Saturday, July 28, 2012

Dorm Favorites Revisited: Fiery Miso Ramen w/Mussels

Many blogs back, I started developing recipes with Ramen noodles and  coined the results Dormitory  Gourmet, finding versatile and creative ways to enjoy the same thing without feeling like you are.  These recipes are not limited to just the dorm however, and can be fun and delicious at home as well.  Today's installment of the Dormitory Gourmet is a lovely and simple seafood dish, with wonderful Asian ingredients like Sambal Oelek and Miso.  Sambal Oekek is an Asian chili paste to add as little or as much heat as you can stand.  Miso is a staple in Asian cuisine and is made from fermented soybeans.  Miso imparts support to the broth and long simmered umami notes.  Lime juice adds a spark of citrusy freshness and  the mussels come already cooked, so the prep work is minimal.  Fresh tomato, parsley and garlic help round out the flavor and brighten the overall appearance.
Fiery Miso Ramen w/Mussels
1 lb. pkg. frozen, cooked mussels*
2 c. water
1/4 c. Miso paste**
1 clove garlic, pressed or finely minced
2 pkgs. Ramen noodles, using only ONE of the seasoning packets
1 medium tomato, quartered and de-seeded
2 tsp.

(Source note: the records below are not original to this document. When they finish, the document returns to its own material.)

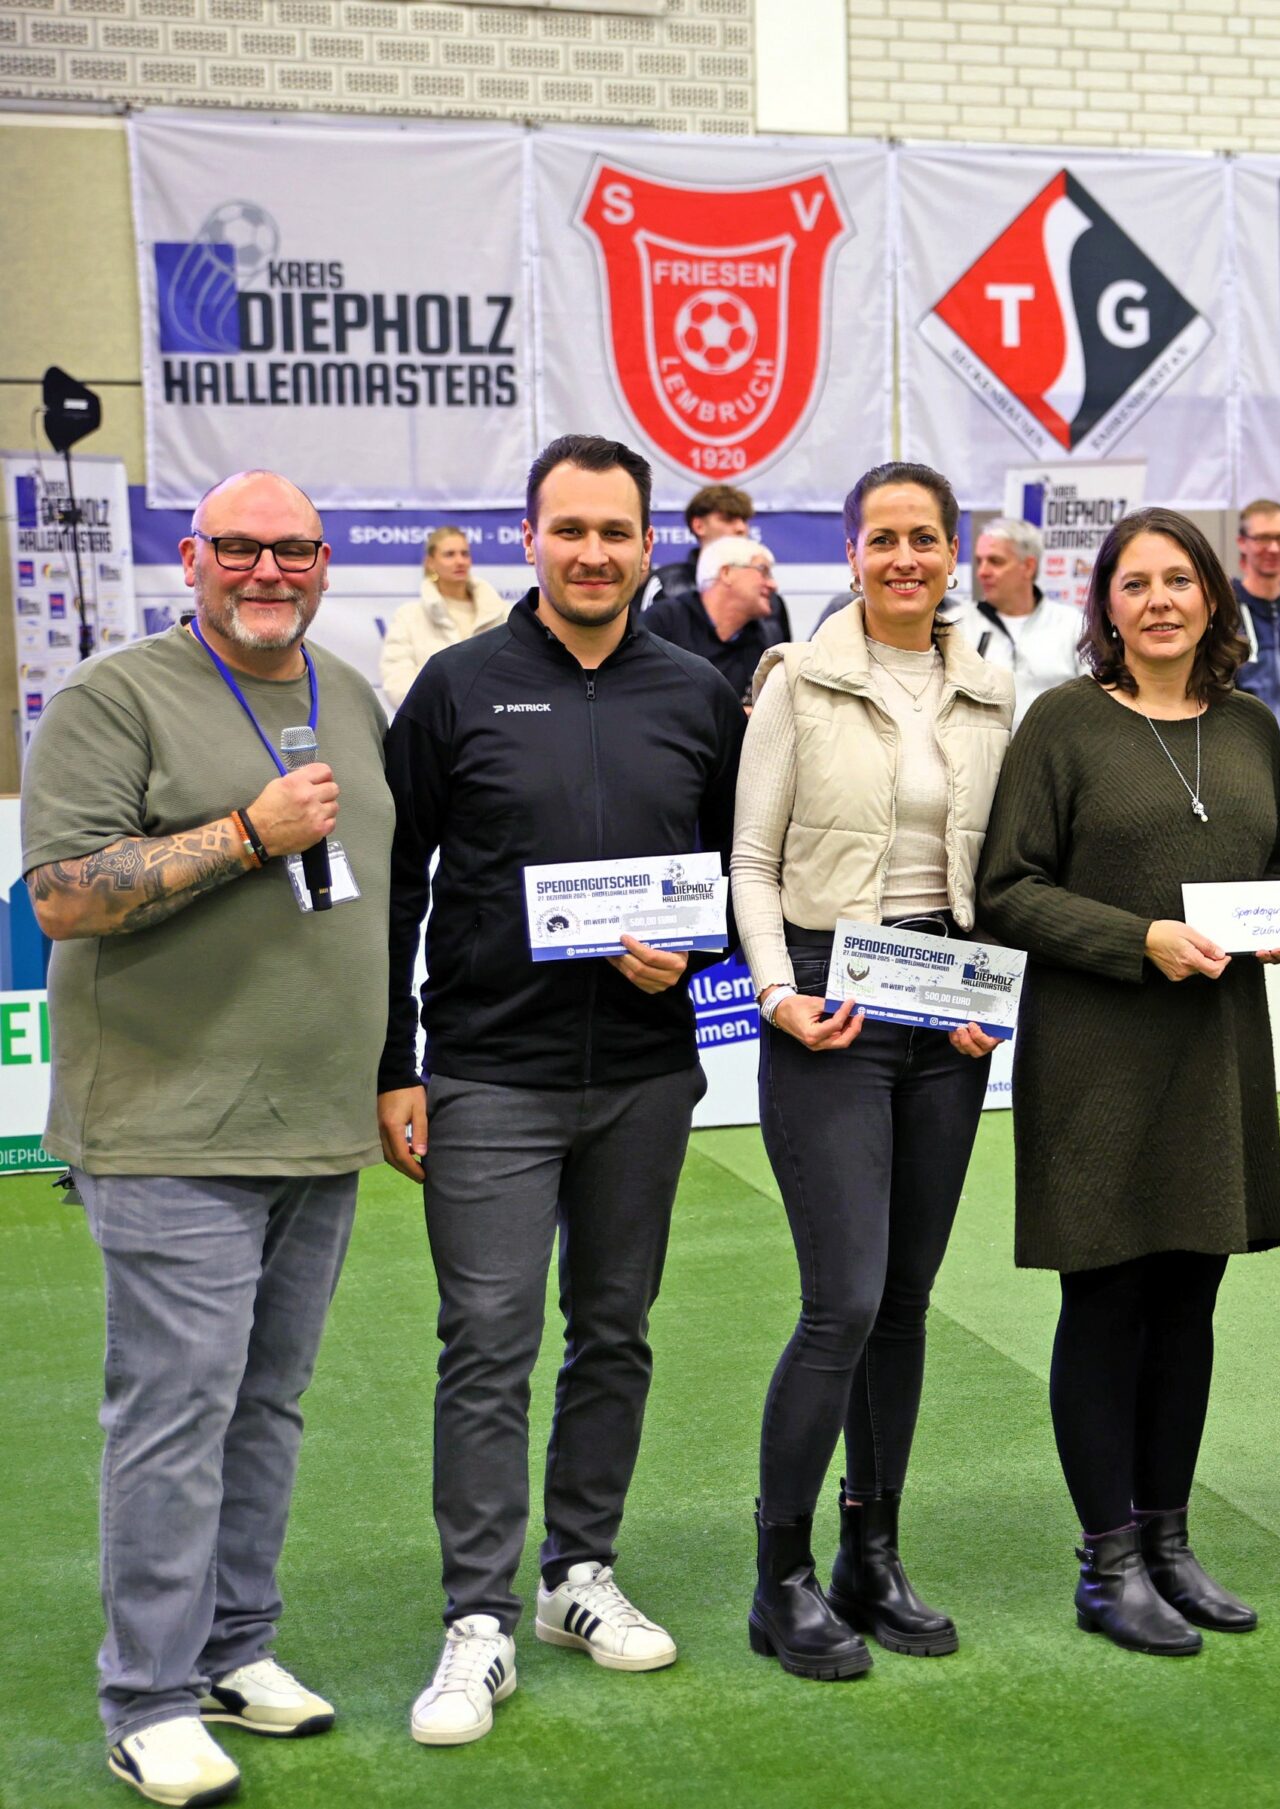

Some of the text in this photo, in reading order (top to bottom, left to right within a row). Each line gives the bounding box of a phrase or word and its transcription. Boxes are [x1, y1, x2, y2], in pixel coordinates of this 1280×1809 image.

[269, 261, 344, 288] KREIS
[653, 259, 777, 288] FRIESEN
[239, 291, 515, 356] DIEPHOLZ
[163, 360, 517, 407] HALLENMASTERS
[660, 356, 776, 423] LEMBRUCH
[689, 447, 747, 471] 1920
[506, 702, 552, 714] PATRICK
[536, 873, 651, 895] SPENDENGUTSCHEIN
[672, 883, 714, 895] DIEPHOLZ
[662, 892, 714, 903] HALLENMASTERS
[843, 936, 955, 966] SPENDENGUTSCHEIN
[961, 978, 1012, 994] HALLENMASTERS
[974, 971, 1014, 986] DIEPHOLZ
[924, 990, 951, 1005] 500,00
[951, 994, 971, 1007] EURO
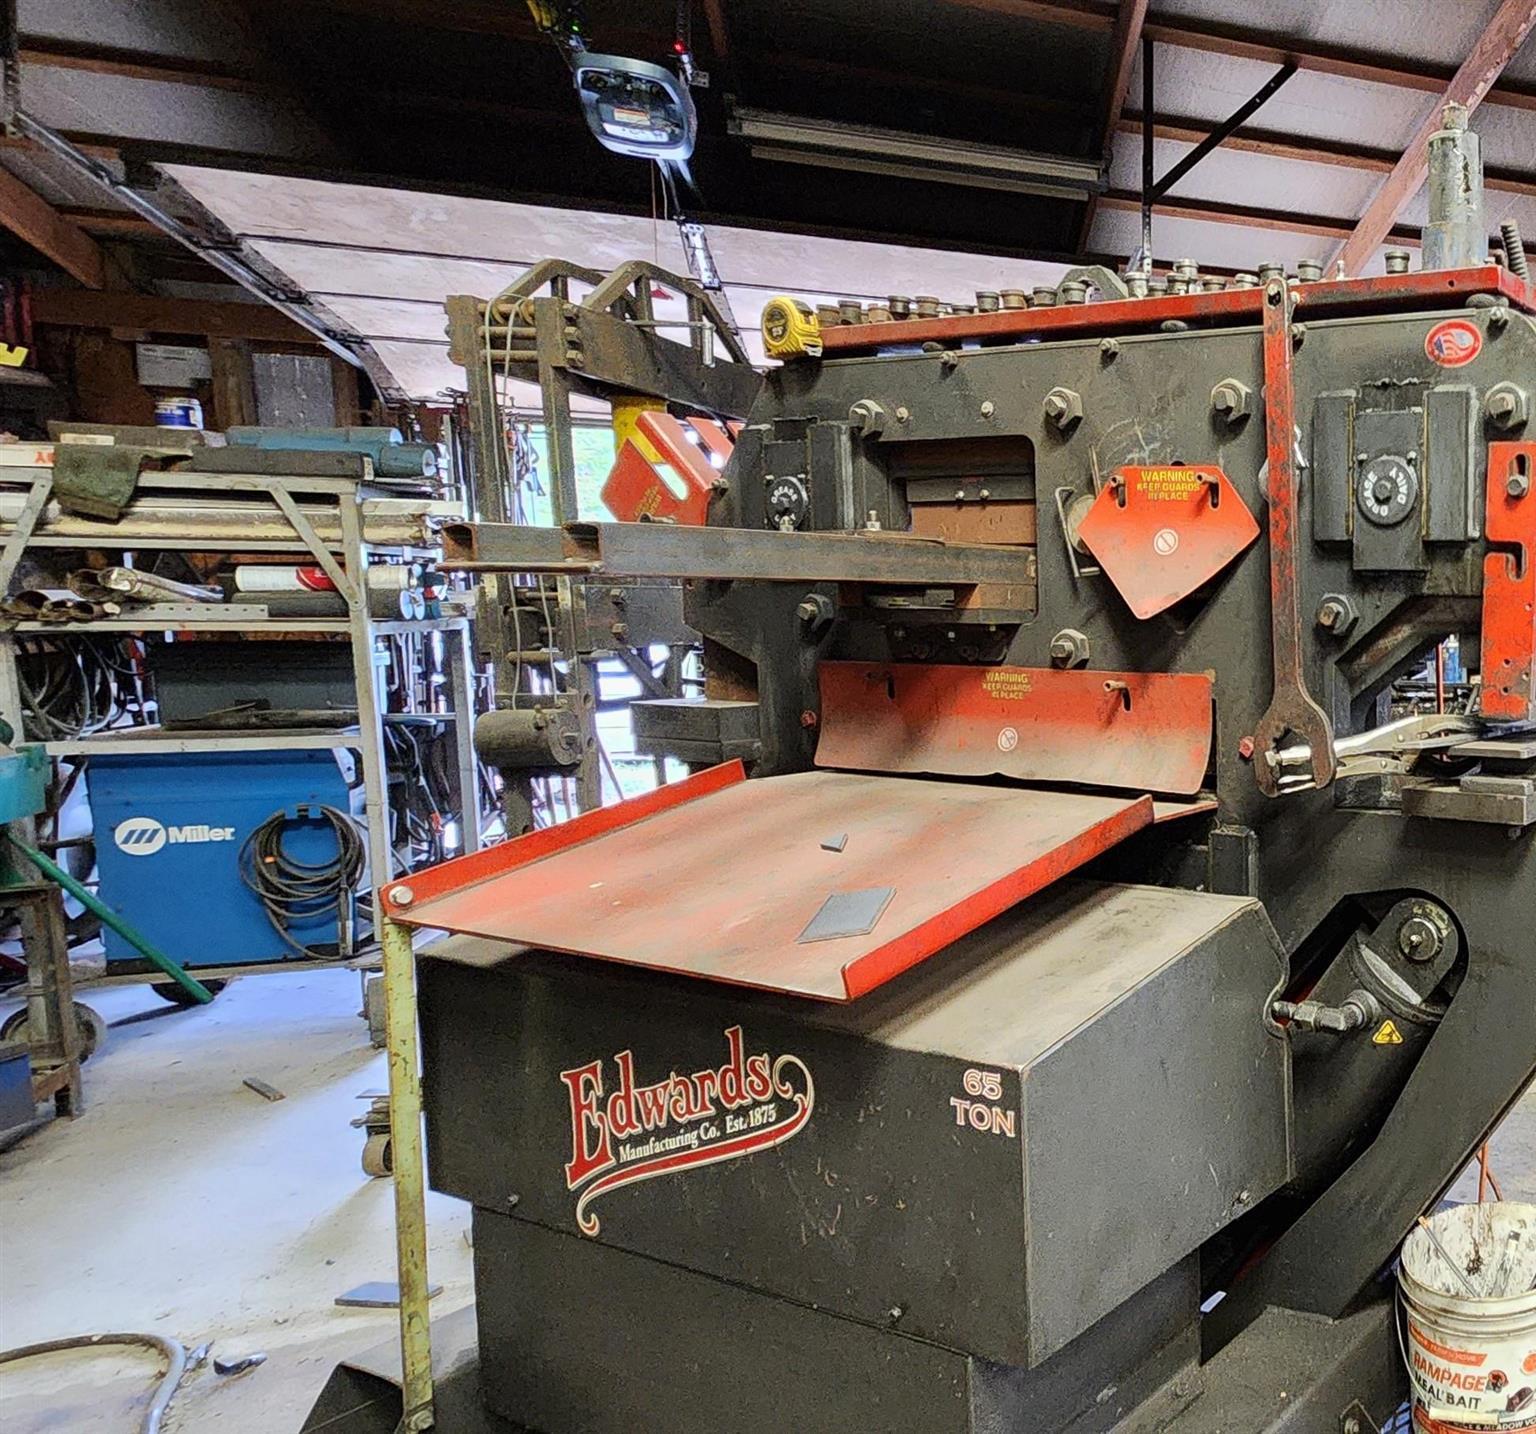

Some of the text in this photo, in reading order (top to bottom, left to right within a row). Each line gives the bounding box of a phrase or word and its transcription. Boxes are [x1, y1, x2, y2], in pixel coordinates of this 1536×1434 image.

[1141, 470, 1195, 482] WARNING
[1136, 482, 1201, 492] KEEP GUARDS
[1159, 491, 1189, 501] PLACE
[1363, 466, 1408, 517] GREASE DAILY
[985, 672, 1028, 683] WARNING
[982, 683, 1033, 693] KEEP GUARDS
[1000, 691, 1024, 700] PLACE
[168, 824, 235, 844] Miller
[963, 1068, 1003, 1101] 65
[560, 1024, 774, 1191] Edwards
[949, 1095, 1016, 1138] TON
[619, 1103, 777, 1163] Manufacturing Co. Est. 1875
[1412, 1350, 1488, 1393] RAMPAGE
[1446, 1391, 1482, 1410] BAIT

Sambal Oelek**
1/4 c. fresh parsley, rough chopped
lime juice
lime wedges for serving
SPST
Olive oil for drizzling
In a heavy bottomed pot over medium high heat, add mussels, water and Miso paste.  Bring up to a boil and add Ramen and the seasoning packet.  Bring back up to a boil and stir in tomato crushed with your hands, garlic and Sambal Oelek.  Cover and let cook until most of liquid is absorbed, about 5 minutes.
Stir in parsley.  Add a couple splashes of lime juice.  SPST. Drizzle with olive before serving.  Serves 4.


*Precooked mussels can be found in the frozen seafood section of larger supermarkets.
**Miso and Sambal Oelek can be found in specialty shops or grocers.